P043 RIPK3 – a new marker for assessment of activity in Crohn’s disease

Abstract

Abstract Background RIPK3 (Receptor Interacting Protein Kinase-3) is a key molecule involved in the process of necroptosis. Necroptosis is a regulated form of cell death that involves the activation of specific signaling pathways leading to cell lysis. The released endogenous molecules - DAMPs (Danger Associated Molecular Patterns) activate the immune system and lead to inflammation. This relationship suggests a role for necroptosis in the pathogenesis of IBD (Inflammatory Bowel Disease). Methods The aim of the study was to evaluate RIPK3 expression in patients with Crohn's disease (CD) according to disease activity and some clinical parameters. Tissue expression of RIPK3 in the inflamed areas of 85 patients with Crohn's disease was determined immunohistochemically. The CDAI (Crohn’s Disease Activity Index) was used to assess activity, and the Montreal Classification to determine disease location and bahavior.
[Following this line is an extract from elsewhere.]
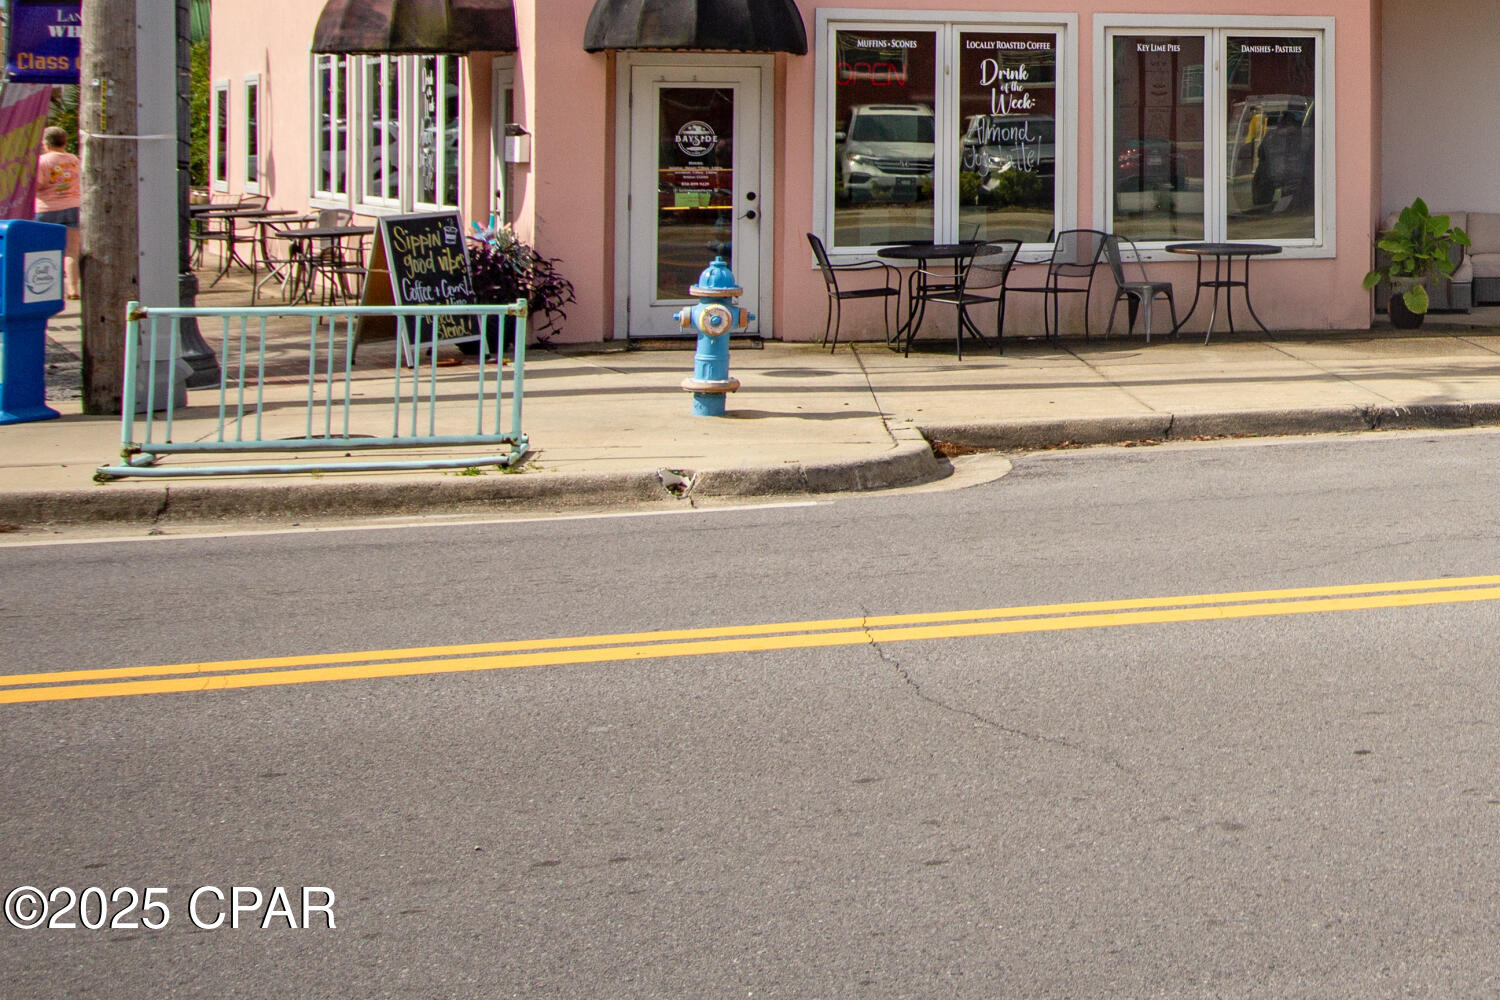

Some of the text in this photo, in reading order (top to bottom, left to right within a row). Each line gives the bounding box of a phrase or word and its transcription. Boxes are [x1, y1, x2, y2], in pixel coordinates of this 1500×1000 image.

Results A correlation was found between RIPK3 expression and CDAI (p=0.038), with patients in remission having the lowest expression (154.67), while patients with severe activity had overexpression of the marker (180.0) (Fig.1). According to the localization of CD, a significant difference was found in the expression of RIPK3 (p<0.05), with the highest expression of the marker in the ileum (L1) and colon (L2) with involvement of the upper GIT (L4) – L1+L4 (225.50) and L2 + L4 (218.00). Isolated involvement of terminal ileum (L1) was characterized by the lowest expression of the marker, while patients with colonic localization (L2) had high expression of RIPK3 (184.87). Regarding disease behavior, it was found that the highest expression of the marker is in the patients with phenotype B2+B3 – both stricturing and penetrating disease, followed by inflammatory disease (B1) (Fig.2). Perianal disease further increased RIPK3 expression, with patients with concurrent perianal disease showing high expression of the marker (181.85 vs. 167.86 for those without perianal disease; p<0.05). Conclusion High RIPK3 expression in CD patients correlated with severe disease activity as measured by CDAI, involvement of upper GIT - L1+L4 and L2+L4, stricturing with penetrating disease - B2+B3 and concurrent perianal disease.